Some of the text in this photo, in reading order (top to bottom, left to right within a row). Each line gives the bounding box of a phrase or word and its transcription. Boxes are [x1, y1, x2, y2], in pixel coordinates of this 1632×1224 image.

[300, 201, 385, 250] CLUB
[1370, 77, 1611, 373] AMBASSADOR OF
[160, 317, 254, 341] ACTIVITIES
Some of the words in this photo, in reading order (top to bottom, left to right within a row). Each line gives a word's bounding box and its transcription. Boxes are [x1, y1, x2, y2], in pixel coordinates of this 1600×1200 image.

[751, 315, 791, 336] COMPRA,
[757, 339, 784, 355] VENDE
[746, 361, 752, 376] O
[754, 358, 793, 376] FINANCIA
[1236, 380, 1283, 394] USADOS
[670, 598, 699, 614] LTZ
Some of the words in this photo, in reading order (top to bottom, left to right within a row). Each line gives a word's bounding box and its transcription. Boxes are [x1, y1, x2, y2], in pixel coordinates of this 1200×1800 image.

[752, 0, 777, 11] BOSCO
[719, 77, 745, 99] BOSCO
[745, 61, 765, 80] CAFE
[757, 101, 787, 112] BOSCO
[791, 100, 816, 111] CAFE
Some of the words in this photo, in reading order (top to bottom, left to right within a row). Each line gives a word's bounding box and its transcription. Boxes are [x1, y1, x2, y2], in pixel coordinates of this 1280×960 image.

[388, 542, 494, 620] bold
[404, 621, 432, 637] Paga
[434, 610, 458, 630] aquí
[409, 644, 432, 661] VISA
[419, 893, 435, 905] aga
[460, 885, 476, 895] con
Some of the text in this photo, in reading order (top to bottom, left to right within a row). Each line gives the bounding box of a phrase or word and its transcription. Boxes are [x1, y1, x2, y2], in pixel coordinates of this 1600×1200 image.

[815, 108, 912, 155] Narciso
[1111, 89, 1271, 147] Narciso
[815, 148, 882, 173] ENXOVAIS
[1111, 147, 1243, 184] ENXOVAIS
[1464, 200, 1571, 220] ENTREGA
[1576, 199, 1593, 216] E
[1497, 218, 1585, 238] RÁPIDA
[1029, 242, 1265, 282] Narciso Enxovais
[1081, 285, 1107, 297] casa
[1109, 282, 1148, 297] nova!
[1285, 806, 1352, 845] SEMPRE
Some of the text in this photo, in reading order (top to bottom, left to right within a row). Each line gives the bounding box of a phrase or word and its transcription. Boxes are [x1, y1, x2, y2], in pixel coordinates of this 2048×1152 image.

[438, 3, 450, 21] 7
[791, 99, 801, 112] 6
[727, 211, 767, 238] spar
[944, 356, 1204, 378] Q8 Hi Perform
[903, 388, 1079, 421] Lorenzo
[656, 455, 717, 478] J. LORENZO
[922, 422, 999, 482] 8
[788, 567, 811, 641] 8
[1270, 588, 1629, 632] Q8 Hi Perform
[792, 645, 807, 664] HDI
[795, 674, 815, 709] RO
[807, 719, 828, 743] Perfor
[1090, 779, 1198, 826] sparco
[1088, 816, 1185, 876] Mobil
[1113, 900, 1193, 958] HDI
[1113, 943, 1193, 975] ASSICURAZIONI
--- --- ---
_Instructions for the task_
Reproduce the records above exactly. Leave nothing out.

_Answer box_
Some of the text in this photo, in reading order (top to bottom, left to right within a row). Each line gives the bounding box of a phrase or word and its transcription. Boxes are [x1, y1, x2, y2], in pixel coordinates of this 1632×1224 image.

[300, 201, 385, 250] CLUB
[1370, 77, 1611, 373] AMBASSADOR OF
[160, 317, 254, 341] ACTIVITIES
Some of the words in this photo, in reading order (top to bottom, left to right within a row). Each line gives a word's bounding box and its transcription. Boxes are [x1, y1, x2, y2], in pixel coordinates of this 1600×1200 image.

[751, 315, 791, 336] COMPRA,
[757, 339, 784, 355] VENDE
[746, 361, 752, 376] O
[754, 358, 793, 376] FINANCIA
[1236, 380, 1283, 394] USADOS
[670, 598, 699, 614] LTZ
Some of the words in this photo, in reading order (top to bottom, left to right within a row). Each line gives a word's bounding box and its transcription. Boxes are [x1, y1, x2, y2], in pixel coordinates of this 1200×1800 image.

[752, 0, 777, 11] BOSCO
[719, 77, 745, 99] BOSCO
[745, 61, 765, 80] CAFE
[757, 101, 787, 112] BOSCO
[791, 100, 816, 111] CAFE
Some of the words in this photo, in reading order (top to bottom, left to right within a row). Each line gives a word's bounding box and its transcription. Boxes are [x1, y1, x2, y2], in pixel coordinates of this 1280×960 image.

[388, 542, 494, 620] bold
[404, 621, 432, 637] Paga
[434, 610, 458, 630] aquí
[409, 644, 432, 661] VISA
[419, 893, 435, 905] aga
[460, 885, 476, 895] con
Some of the text in this photo, in reading order (top to bottom, left to right within a row). Each line gives the bounding box of a phrase or word and its transcription. Boxes are [x1, y1, x2, y2], in pixel coordinates of this 1600×1200 image.

[815, 108, 912, 155] Narciso
[1111, 89, 1271, 147] Narciso
[815, 148, 882, 173] ENXOVAIS
[1111, 147, 1243, 184] ENXOVAIS
[1464, 200, 1571, 220] ENTREGA
[1576, 199, 1593, 216] E
[1497, 218, 1585, 238] RÁPIDA
[1029, 242, 1265, 282] Narciso Enxovais
[1081, 285, 1107, 297] casa
[1109, 282, 1148, 297] nova!
[1285, 806, 1352, 845] SEMPRE
Some of the text in this photo, in reading order (top to bottom, left to right within a row). Each line gives the bounding box of a phrase or word and its transcription. Boxes are [x1, y1, x2, y2], in pixel coordinates of this 2048×1152 image.

[438, 3, 450, 21] 7
[791, 99, 801, 112] 6
[727, 211, 767, 238] spar
[944, 356, 1204, 378] Q8 Hi Perform
[903, 388, 1079, 421] Lorenzo
[656, 455, 717, 478] J. LORENZO
[922, 422, 999, 482] 8
[788, 567, 811, 641] 8
[1270, 588, 1629, 632] Q8 Hi Perform
[792, 645, 807, 664] HDI
[795, 674, 815, 709] RO
[807, 719, 828, 743] Perfor
[1090, 779, 1198, 826] sparco
[1088, 816, 1185, 876] Mobil
[1113, 900, 1193, 958] HDI
[1113, 943, 1193, 975] ASSICURAZIONI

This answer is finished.